SOURCE MATERIAL:
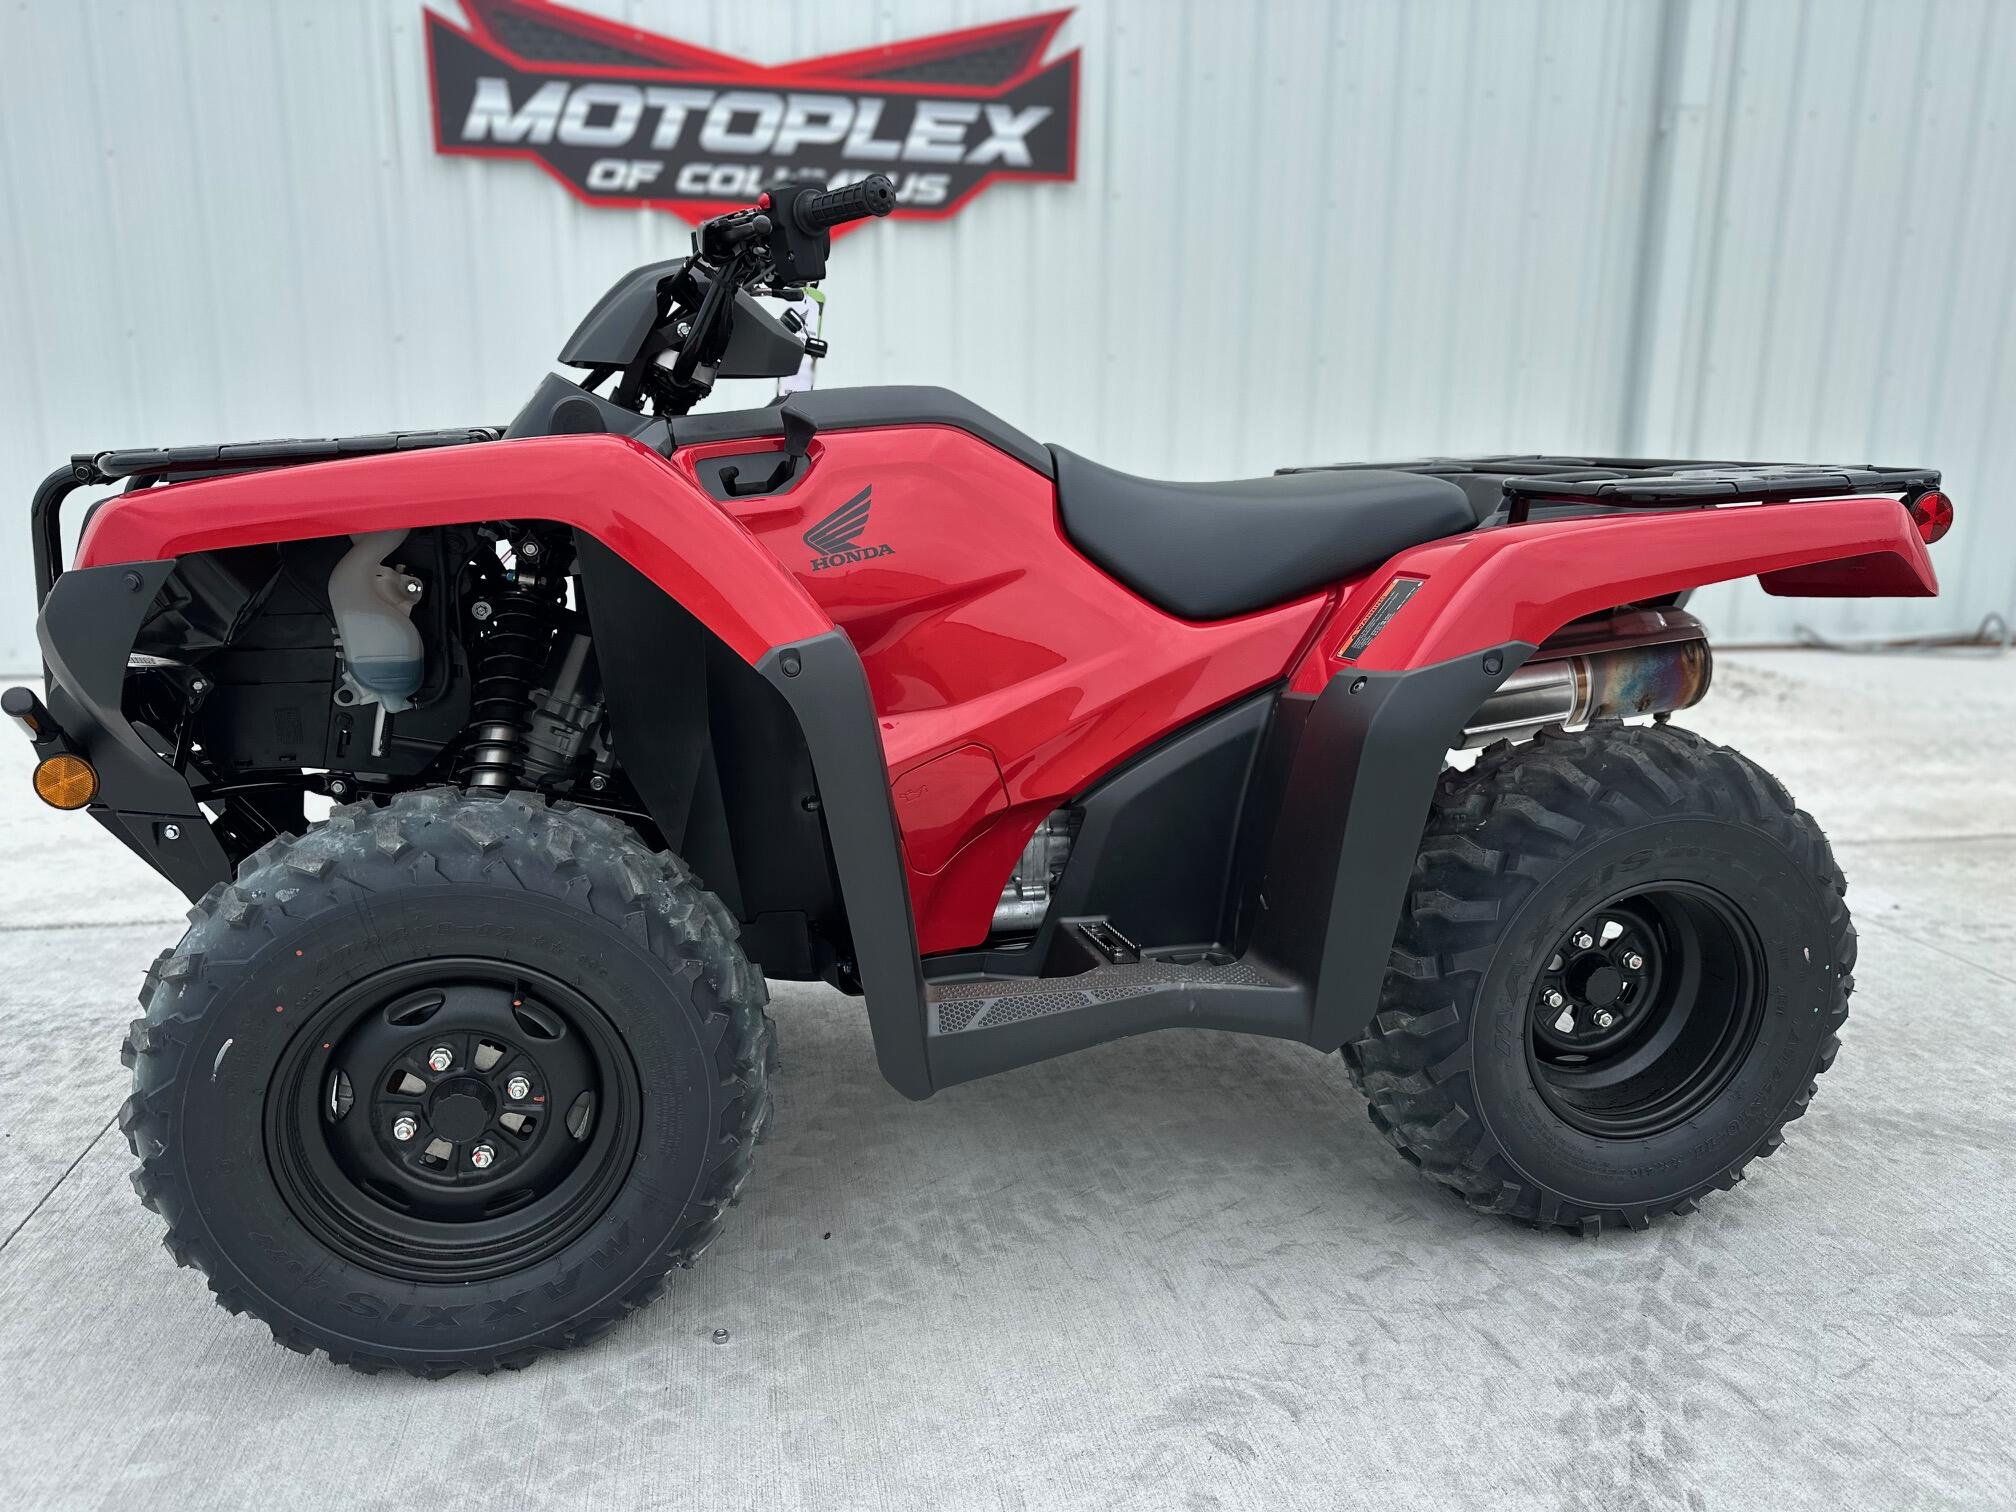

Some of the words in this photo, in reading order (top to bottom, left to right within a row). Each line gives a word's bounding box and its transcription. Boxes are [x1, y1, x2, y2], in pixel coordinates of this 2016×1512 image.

[461, 76, 1055, 167] MOTOPLEX
[586, 158, 664, 191] OF
[810, 543, 896, 572] HONDA
[336, 1220, 632, 1329] MAXXIS

YOUR TASK:
If an entry above contains a picture, leave that picture out and copy everything else exactly.

SOLVED EXERCISE:
Some of the words in this photo, in reading order (top to bottom, left to right within a row). Each line gives a word's bounding box and its transcription. Boxes are [x1, y1, x2, y2], in pixel coordinates of this 2016×1512 image.

[461, 76, 1055, 167] MOTOPLEX
[586, 158, 664, 191] OF
[810, 543, 896, 572] HONDA
[336, 1220, 632, 1329] MAXXIS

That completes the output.